Iowa Time Machine ⏰: On February 3, 1870, the Fifteenth Amendment officially became law in the United States, codifying a 1868 referendum passed in Iowa that granted suffrage to all male citizens of the state, regardless of race. Iowa's pioneering 1868 referendum removing racial restrictions from voting requirements sent ripples across the northern states and convinced Congress that nationwide Black male suffrage could succeed.
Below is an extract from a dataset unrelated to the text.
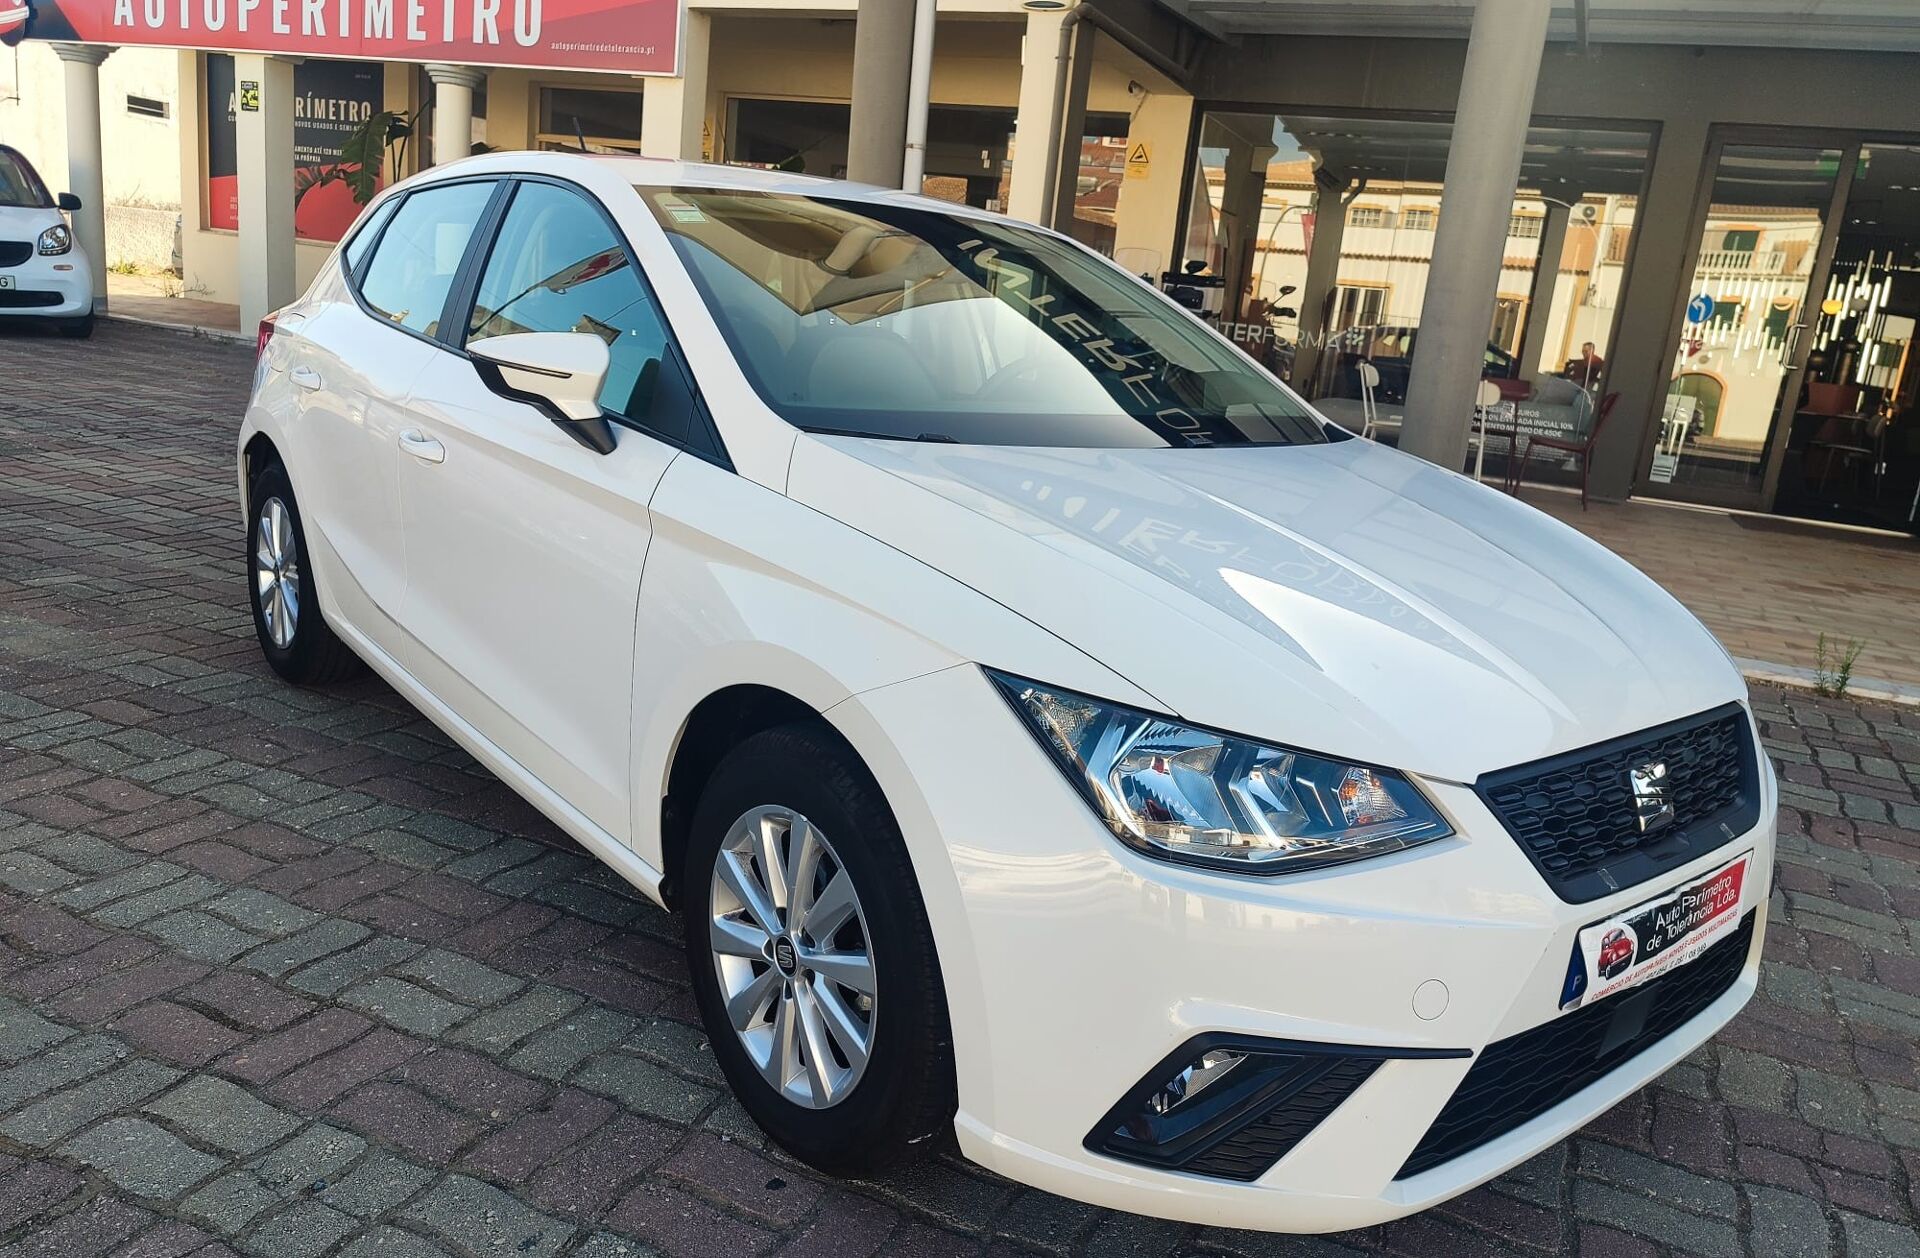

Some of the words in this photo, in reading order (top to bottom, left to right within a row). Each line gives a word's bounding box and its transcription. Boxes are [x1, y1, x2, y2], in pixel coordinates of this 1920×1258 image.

The aftermath of the Civil War left the nation wrestling with fundamental questions about citizenship and democracy. While the Thirteenth Amendment abolished slavery in 1865 and the Fourteenth Amendment guaranteed citizenship in 1868, the question of voting rights remained unresolved. Before the war, only five states, all in New England, allowed Black men to vote. The vast majority of northern and western states maintained whites-only suffrage despite their opposition to slavery. Iowa itself had soundly rejected Black voting rights in an 1857 referendum by a crushing nine-to-one margin.



The Reconstruction Acts forced former Confederate states to extend voting rights to Black men as a condition of rejoining the Union, but northern states faced no similar requirement. Northern Republicans found themselves in an awkward position, championing Black suffrage in the South while their own constituents rejected it at home. Alexander Clark of Muscatine emerged as Iowa's most effective voice for equal rights during the 1860s. He convened Iowa's first state Colored Convention in 1857, recruited Black soldiers for the Union Army, and in 1867 sued the Muscatine school board after officials barred his daughter, Susan, from attending the neighborhood public school. The Iowa Supreme Court ruled in Clark's favor in March 1868.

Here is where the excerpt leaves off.